One of Victorious‘s biggest themes is fame: the acquisition of it and the effect it has on the people in its immediate glow. The pilot, after all, is about Tori getting into a prestigious Californian high school for the arts after wowing a crowd she wasn’t even supposed to perform for. The show as initially pitched, with Tori as the protagonist, thus defines each character by their reactions to her both as an outstanding performer and as the new kid in school. Victorious hasn’t been that show in a while, of course, not since it began developing better purposes for its main cast, plus coming up with new situations to place the main cast so that they’ll be forced to work together in order to accomplish a goal. But occasionally, the original DNA of the show’s pilot peeks out from its hiding spot, if only to draw a line between where the show was when it started in 2009 and where the show is now, with all of its developments intact.
The first act of “Brain Squeezers” is built very much with that DNA in mind: Tori is chosen to be the team captain of a new game show called Brain Squeezers, which instantly puts her friends into a tailspin of nice behaviors in hopes of becoming her teammates for the show. The antics start simple and get more elaborate, matching the characteristics of each person: Cat gets a PearPad app that helps her learn things (you know, in case she might need that knowledge for something, WINK WINK), Robbie cleans her locker, Beck acts totally cool about it even though he desperately wants to be on her team, and so on. The final straw is a double attack by Trina and Jade. Jade comes to Tori’s house with a fake sob story about her aunt Susan, while Trina inserts herself into Tori’s life as per usual by stitching together two teams out of the available people, one of which doesn’t even have Tori on it. This one-two punch finally pushes Tori to choose her team via tweet, and the antics end… for a bit. The act one twist is that when Tori gets to the studio, someone else has already signed in as Tori — predictably, it’s Jade, who claims Tori’s team for her own. Tori gets to go on-stage as the opposing team, which she makes up from the remaining people (Sinjin, Cat, Trina). At this point, I had come up with two possible ways for the episode to unfold. In scenario A, the episode becomes a predictable-but-reliable Tori vs. Jade battle as they wage war for game points and their eternal souls (or something to that effect). In scenario B, the show continues the teammate antics by exploring the characters’ feelings about what went down as the game show pressed on with itself around them.
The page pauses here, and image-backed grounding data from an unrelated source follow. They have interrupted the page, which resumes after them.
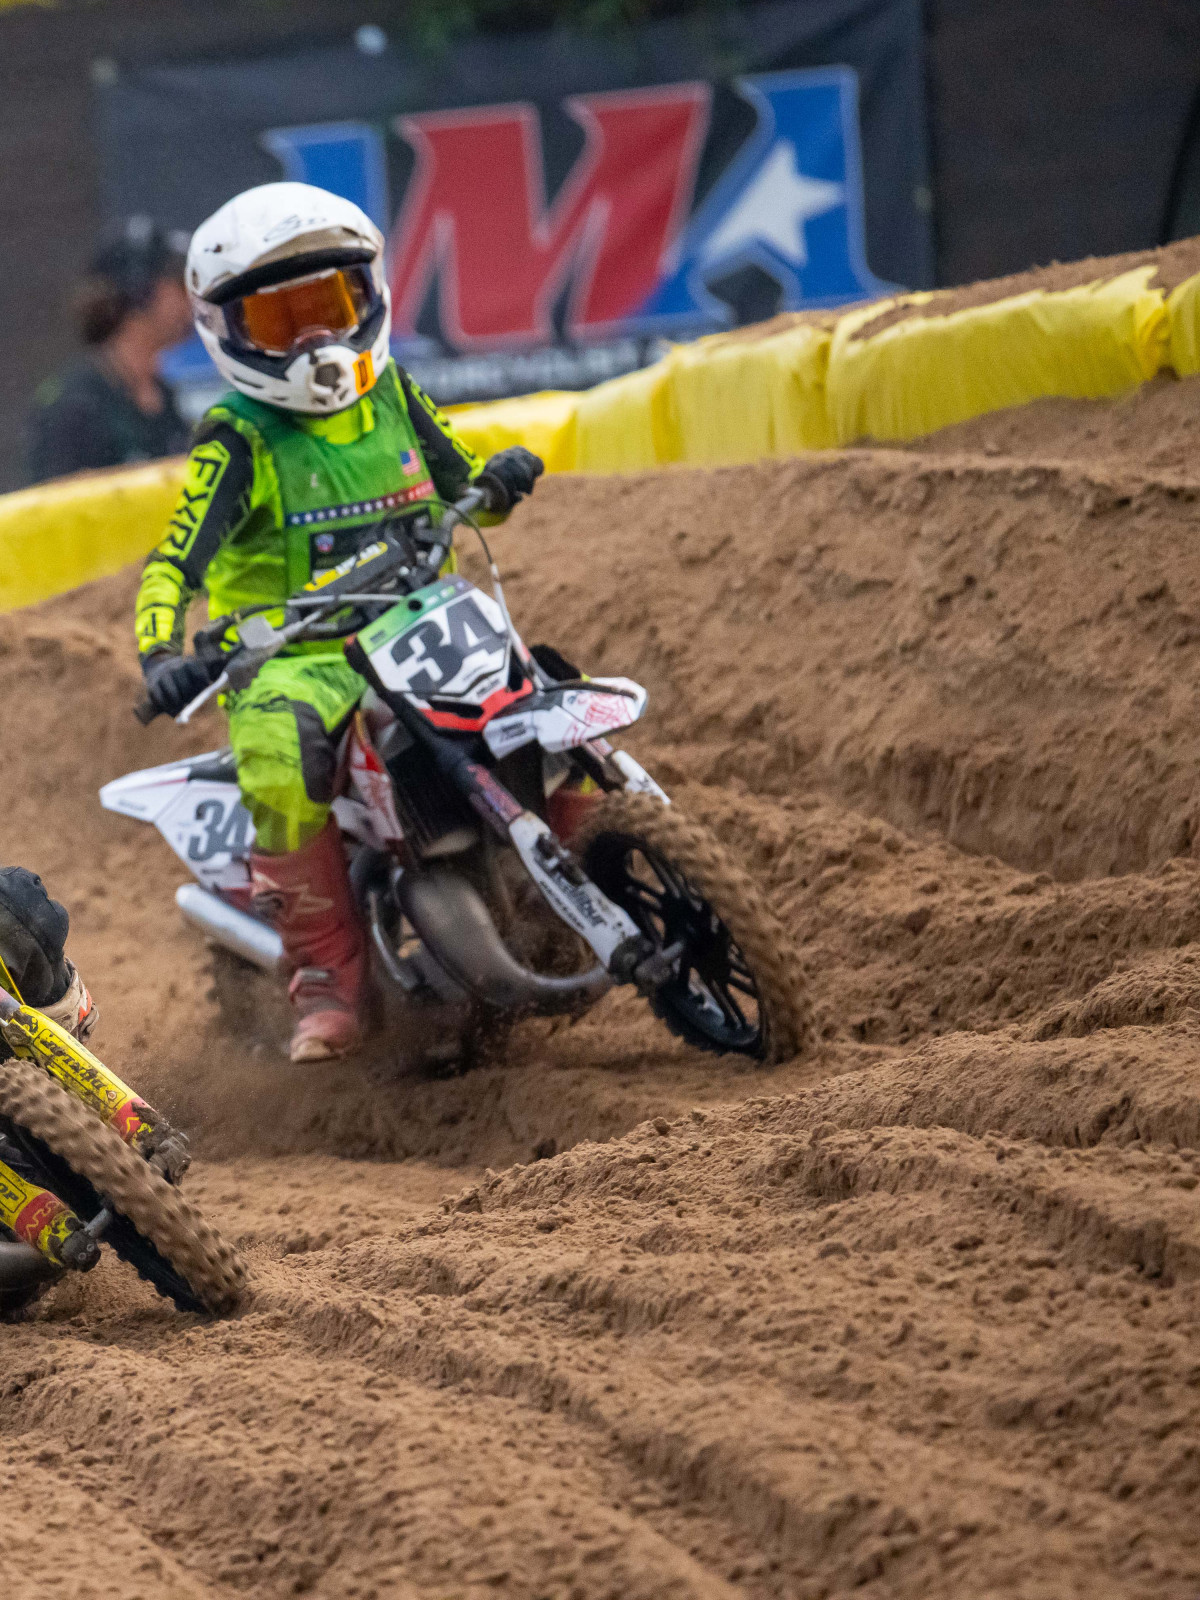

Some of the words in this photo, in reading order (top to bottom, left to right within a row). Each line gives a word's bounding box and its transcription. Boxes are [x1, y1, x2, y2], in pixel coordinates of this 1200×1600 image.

[169, 455, 223, 551] FXR
[390, 596, 514, 698] 34
[187, 799, 252, 862] 34
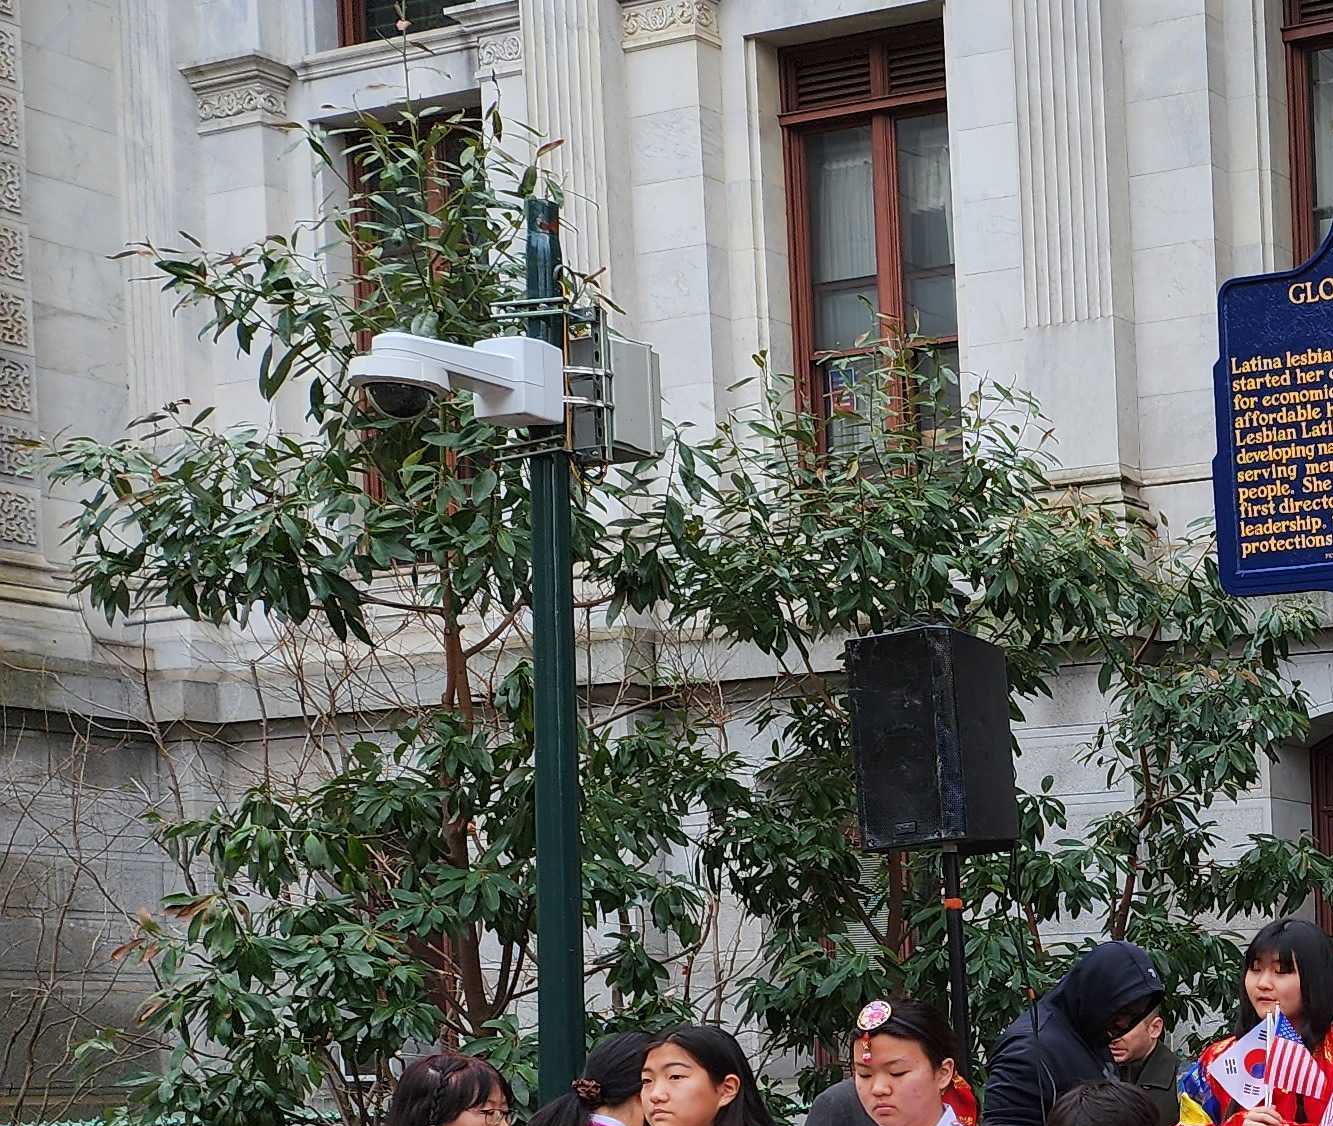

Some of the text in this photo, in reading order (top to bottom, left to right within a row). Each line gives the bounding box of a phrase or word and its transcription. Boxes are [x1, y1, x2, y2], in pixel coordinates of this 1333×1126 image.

[1230, 355, 1283, 375] Latina
[1232, 369, 1291, 392] started
[1295, 368, 1325, 385] her
[1233, 394, 1259, 411] for
[1234, 403, 1323, 429] affordable
[1234, 426, 1297, 447] Lesbian
[1236, 442, 1316, 465] developing
[1237, 461, 1298, 483] serving
[1237, 478, 1295, 504] people.
[1302, 476, 1332, 493] She
[1238, 497, 1277, 518] first
[1241, 532, 1333, 558] protections
So naturally, just when I think I’ve got Victorious figured out, it chooses scenario C, in which everyone regrets ever wanting to be on Brain Squeezers. In a surreal sort of way, the sadistic nature of the punishments for wrong answers on the game show as a response to the characters’ desire to be on the show is a metaphor for life. You spend your whole life wanting to grow up, only to find out that it’s a lot like getting whacked in the gut with a bowling ball (which, believe it or not, was the tamest punishment that happened to a character, aside from aping Nickelodeon’s classic slime tactic from its popular game shows like Figure It Out!). So brutal is the game itself that even the win is hollow: Cat gets the final question correct as a book-end to the knowledge she learned from her PearPad app, but Tori has to actually grab the cash her team won while being pinned down by a strong, muscular, wrestling-type guy who appears to be an assistant on the show.
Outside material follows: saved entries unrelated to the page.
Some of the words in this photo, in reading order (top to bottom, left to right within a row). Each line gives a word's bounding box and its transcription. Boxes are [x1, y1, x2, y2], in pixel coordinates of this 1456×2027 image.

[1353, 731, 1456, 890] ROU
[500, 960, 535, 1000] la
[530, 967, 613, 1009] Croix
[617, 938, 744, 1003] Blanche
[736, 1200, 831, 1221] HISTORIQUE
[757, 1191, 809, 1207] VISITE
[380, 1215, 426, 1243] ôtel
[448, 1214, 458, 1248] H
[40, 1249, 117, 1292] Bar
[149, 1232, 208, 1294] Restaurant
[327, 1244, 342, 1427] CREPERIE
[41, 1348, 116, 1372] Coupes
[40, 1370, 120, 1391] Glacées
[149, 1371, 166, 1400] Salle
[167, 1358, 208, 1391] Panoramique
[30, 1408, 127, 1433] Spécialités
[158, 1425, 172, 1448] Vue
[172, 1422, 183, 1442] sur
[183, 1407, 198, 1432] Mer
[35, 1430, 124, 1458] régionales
And yet, while I won’t be calling this one of the best episodes of the show, it was undeniably in touch with the show’s surreal quality. Victorious often seems too much like a live-action cartoon, but it is very good at being a live-action cartoon, and the level of consistency in executing its often insane ideas is very noteworthy. The second act of “Brain Squeezers” fits in very well with “April Fools Blank” or “Locked Up” in that it forges ahead with crafting its own version of reality, complete with rules that dictate the behavior of characters in unusual situations. That same craftsmanship has also allowed for the character-building that has taken place over the past few seasons, which is probably why the show opted out of a Tori/Jade conflict.
All told, the episode’s enthusiasm for its own ideas eventually wore me out. Still, “Brain Squeezers” was born from the show’s unconscious desires, which is simultaneously impressive and disturbing. But it’s comforting that, with only a few episodes to go, the show has retained its DNA so far into the game. We’ll only be making it shine for a little while longer.